MATRIA HEALTHCARE, INC.
Filed by Matria Healthcare, Inc.
Commission File No. 0-20619
Pursuant to Rule 425 under the Securities Act of 1933
And Deemed Filed Pursuant to Rule 14a-12
Under the Securities Exchange Act of 1934
Subject Company: Matria Healthcare, Inc.
Commission File No. 0-20619
Dear Matria Employee:
We are pleased to announce that Matria Healthcare and Inverness Medical Innovations, Inc. have
signed a definitive merger agreement. The opportunity for Matria to be acquired by Inverness
provides the potential for us to substantially broaden our outreach within the disease management,
productivity enhancement, maternity management, oncology and informatics market.
We are very excited that Matria and Inverness have agreed to come together and further advance
Matrias stature as the nations preeminent provider of health enhancement programs and services.

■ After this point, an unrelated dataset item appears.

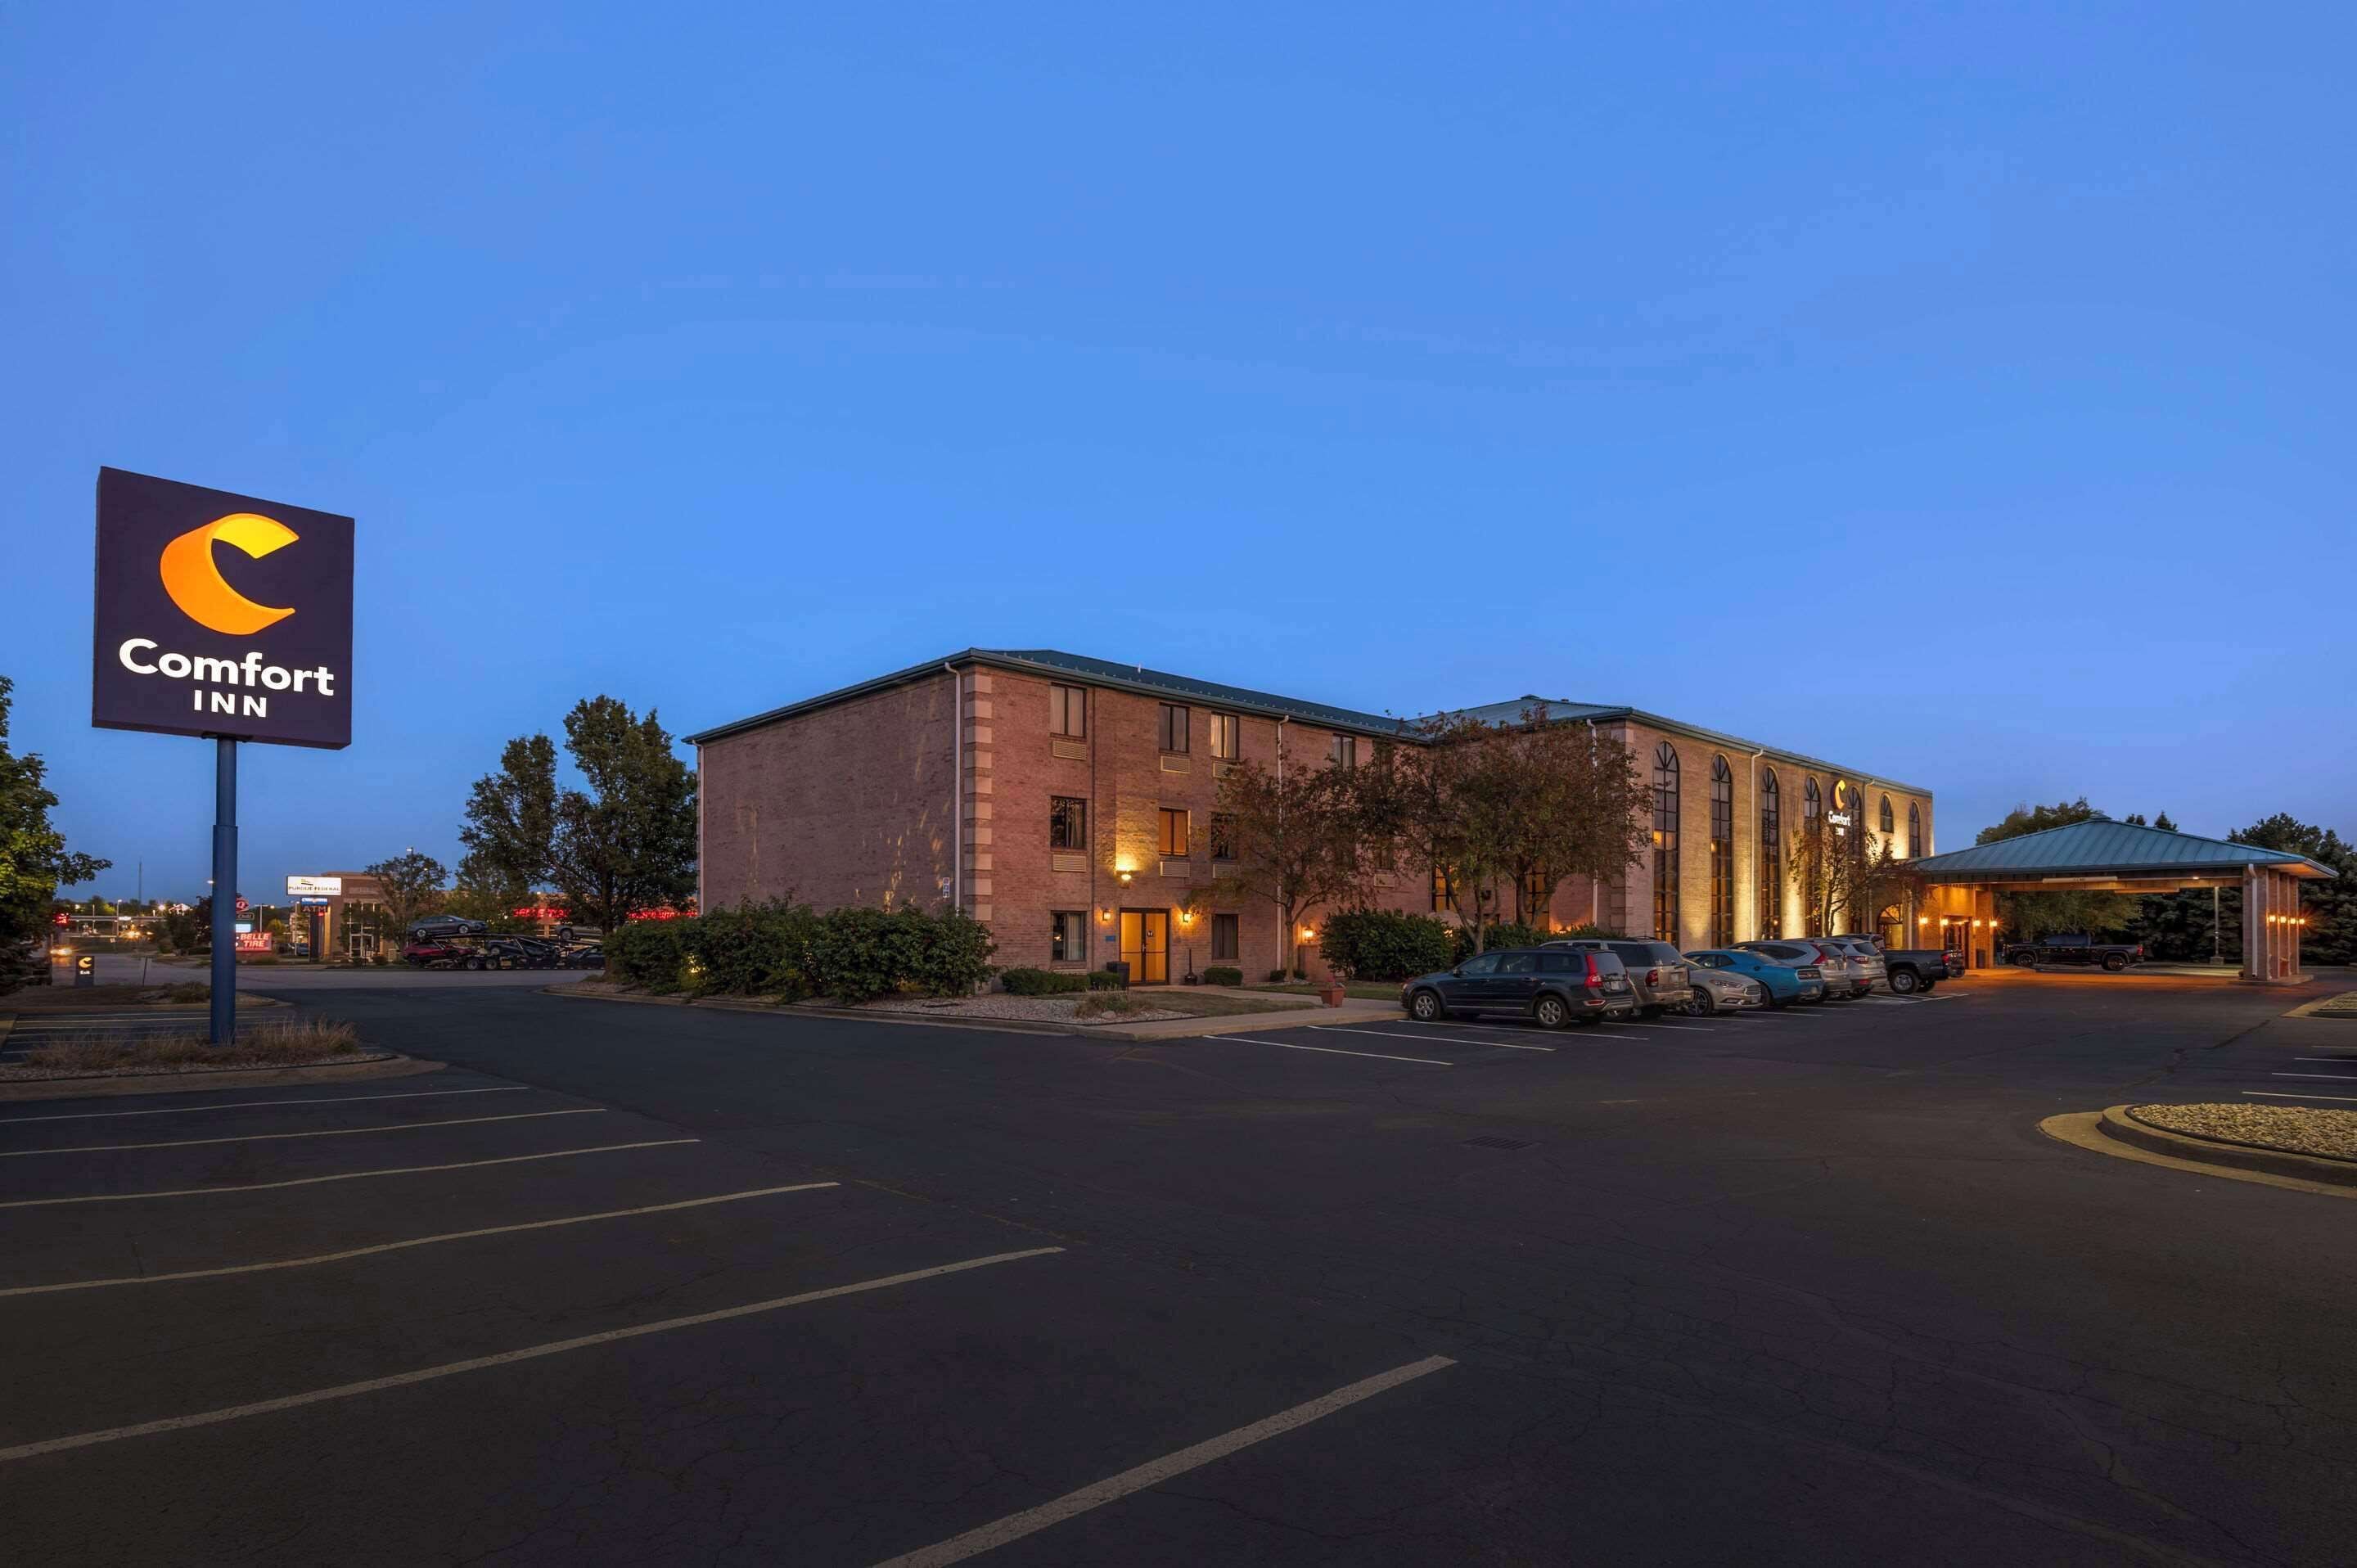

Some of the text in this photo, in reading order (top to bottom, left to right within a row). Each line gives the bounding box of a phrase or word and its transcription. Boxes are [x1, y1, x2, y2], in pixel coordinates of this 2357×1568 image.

[119, 638, 335, 696] Comfort
[194, 689, 268, 718] INN
[1827, 810, 1850, 826] Comfort

The added value and expertise Inverness and Matria bring to each other will result in additional
benefits for our clients and patients and greater capacity to serve their needs. Not only does the
combination with Inverness provide us with a significant opportunity to expand the breadth and
reach of the health enhancement solutions we bring to our clients, we believe that our employees
will now have a far larger company that offers broader opportunities for individual career growth.
The integration of both outstanding organizations will create a combined company with more than $1
billion in annual revenues. I am very confident in saying that Inverness management believes that
they are extremely fortunate to be joining forces with the best employee group in the business.
Your reputation as an extremely talented and committed workforce that is known for the quality of
your work and your passion for excellence, has placed Matria in the ideal position to be pursued
for such an exciting opportunity.
Matria was very fortunate that we were approached by several organizations to pursue various forms
of strategic combination. Inverness clearly rose to the top of the list of companies interested in
Matria. I am very proud to say that the intense interest in Matria was a reflection of the
outstanding work that you do and the importance and growing appreciation of the added value that
our products and services bring to the healthcare industry.
Not only has Inverness chosen Matria, but Matria has also chosen Inverness as the quality
organization to which we want to become a member. I am very pleased to say that we will soon be
joining forces with an outstanding organization, and I am honored for Matria to be a part of their
family of companies. We are also very excited about the potential to integrate
Matria with the Inverness disease/health management businesses Alere Medical and Paradigm Health.
We are confident that Matrias headquarters office will also play a significant role in the
combined operations.
During Matrias thirty-seven year history, we have acquired more than forty different businesses
and integrated all of them very successfully. I mention this fact to assure you that I know and
appreciate the anxiety you must be feeling as our Company goes through this transition. You have my
commitment that I will personally spend a significant amount of time tending to integration issues
and ensuring this transition produces the maximum opportunities for both Matria and Inverness.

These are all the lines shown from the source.